Density Regression with Gaussian Process Priors
Surya T. Tokdar
Department of Statistical Science, Duke University, Durham, NC, United States

While density estimation appears as one of the simplest and most widely researched nonparametric models, estimating conditional densities, also known as density regression, has posed a far greater challenge. A major effort was needed to uplift the popular Dirichlet processes to Depended Dirichlet processes suitable for modeling conditional distributions that vary smoothly over the conditioning variable. However, a much simpler framework obtains when one models densities by Gaussian processes. A smooth Gaussian process over the product space of the variable of interest and the conditioning variable, when exponentiated and separately normalized over the response variable at each value of the conditioning variables, produces a conditional density process that is smooth over the product space. In this talk, I will explore theoretical properties of such a process used as a prior distribution in a Baesyain analysis of conditional densities. Our work builds on the impressive recent work by Aad van der Vaart, Harry van Zanten and co-authors in characterizing properties of 're-scaled' Gaussian process models. I shall extend this study to deal with local, coordinate re-scaling that is useful for semi-parametric density regression models, such as those where a variable selection is to be performed on a multidimensional conditioning variable.

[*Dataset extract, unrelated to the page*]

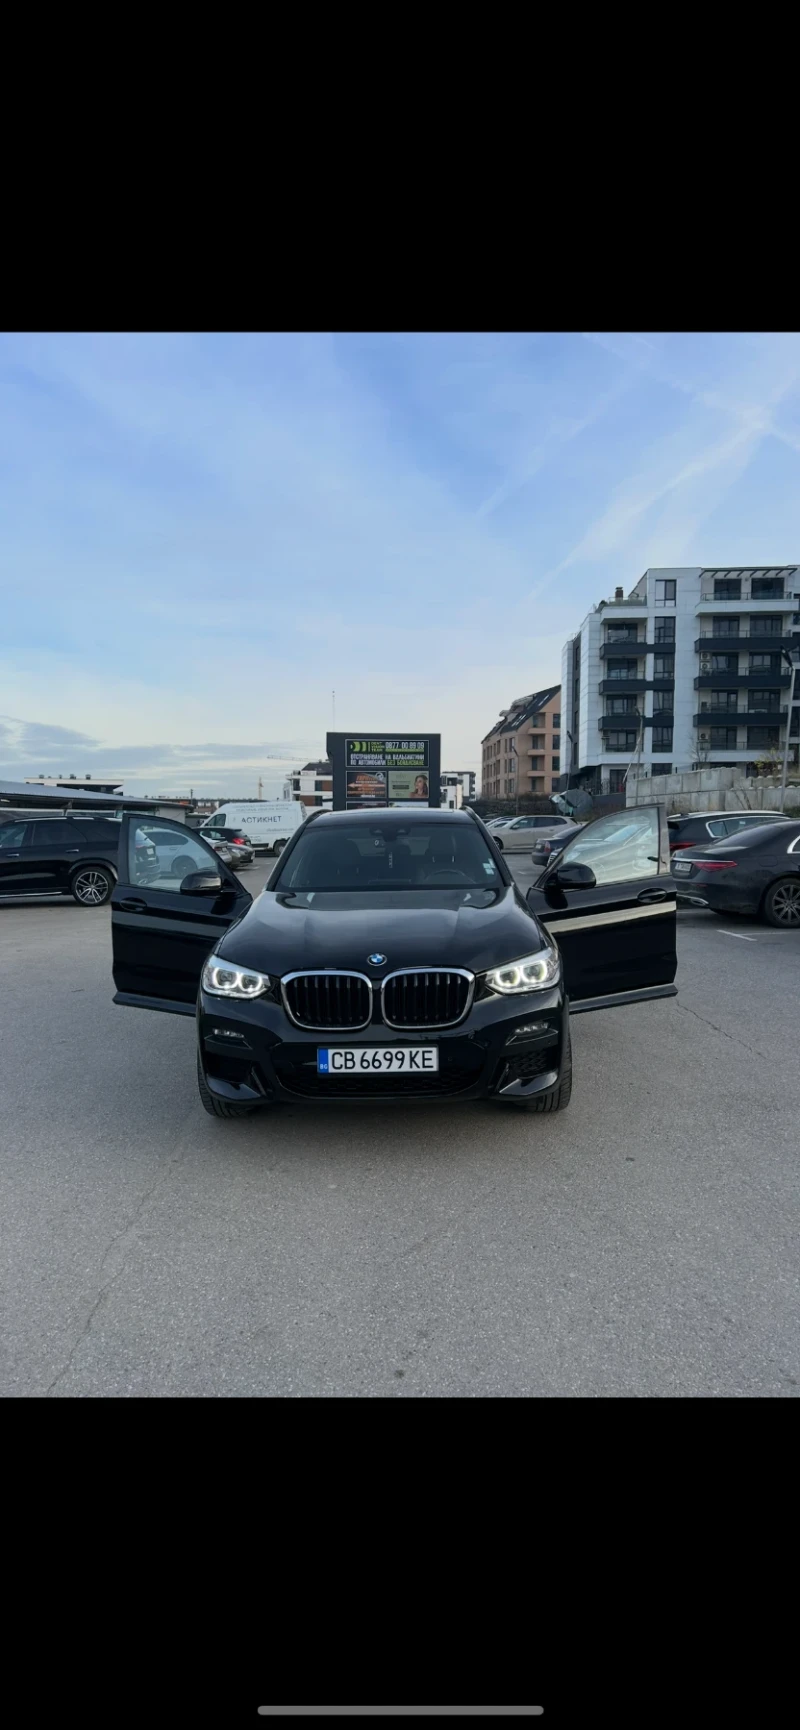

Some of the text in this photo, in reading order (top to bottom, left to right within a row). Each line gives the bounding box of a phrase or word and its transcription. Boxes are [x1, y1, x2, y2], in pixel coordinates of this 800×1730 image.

[331, 1050, 434, 1070] CB 6699 KE
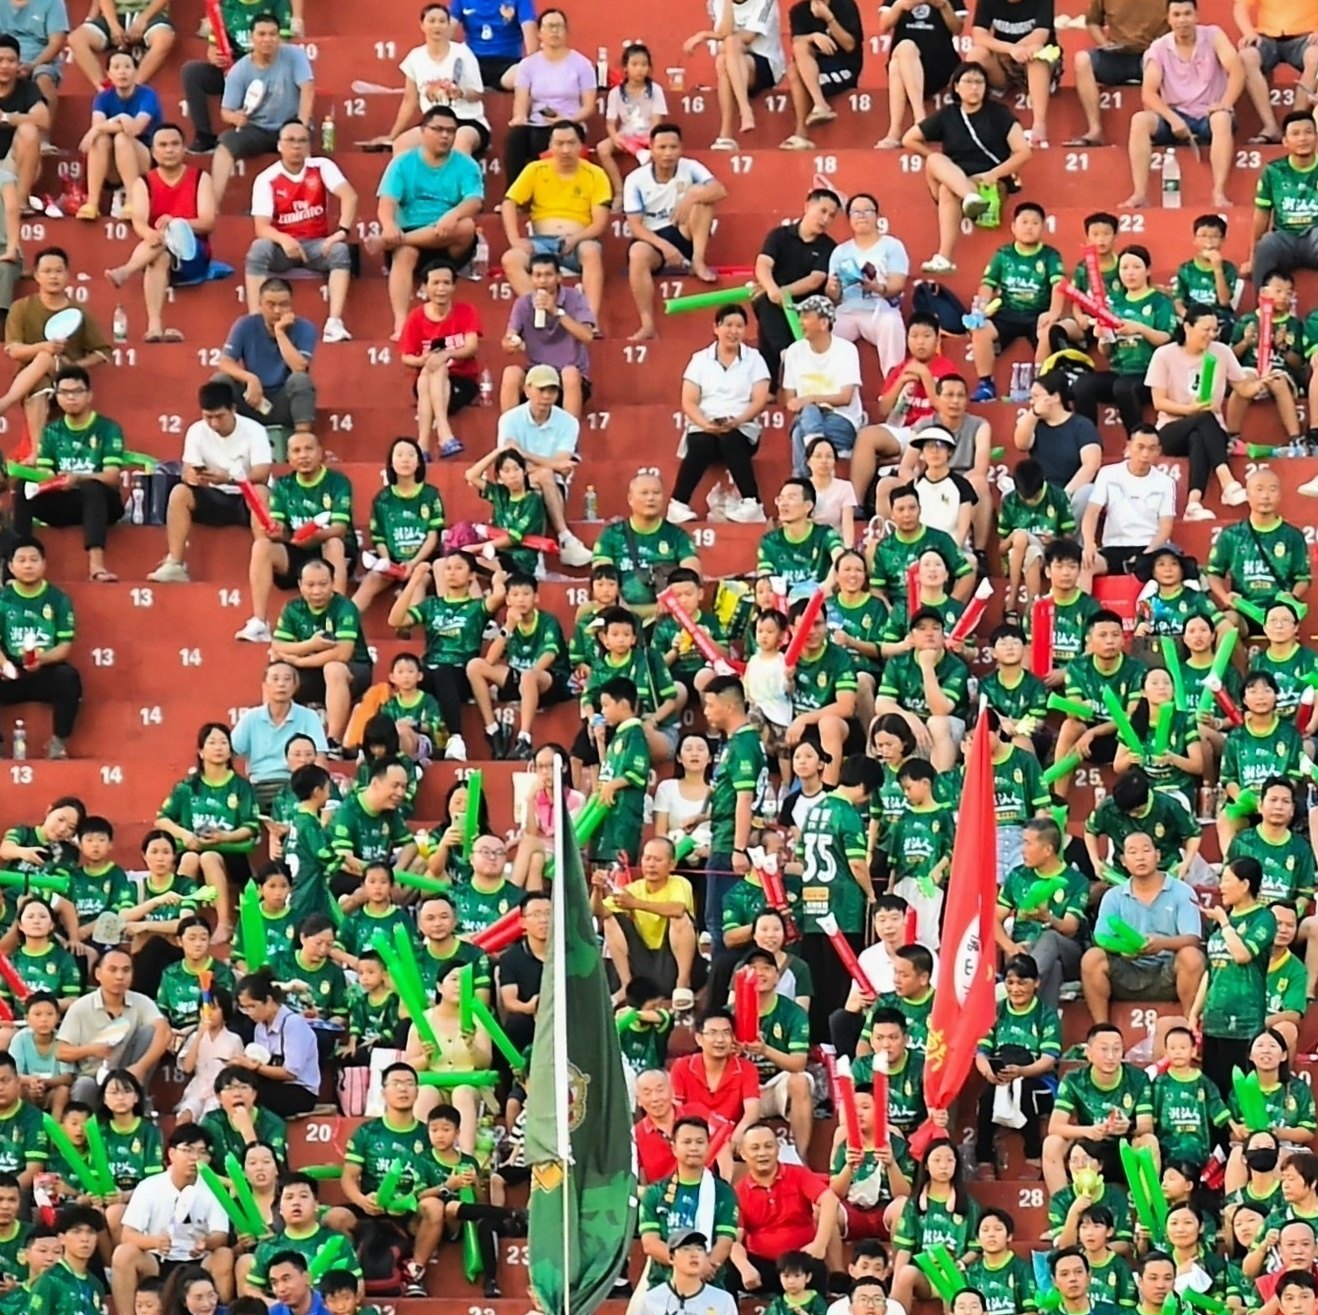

Keywords: Gaussian processes; Density regression; Posterior consistency; Variable selection

Biography: Surya T Tokdar is an Assistant Professor at Department of Statistical Science in Duke University. He received his Bachelors and Masters degrees in Statistics from Indian Statistics Institute, Kolkata India. He received his Phd in Statistics in 2006 from Purdue University under the supervision of Professor Jayanta K Ghosh, for which he was awarded The Savage Dissertation Award (Theory & Methods). Prior to joining Duke University, Surya has been a Morris H DeGroot Visiting Assistant Professor at Carnegie Mellon University. His research interest spans Nonparametric Bayesian theory and methods, with special emphasis to novel application and computation.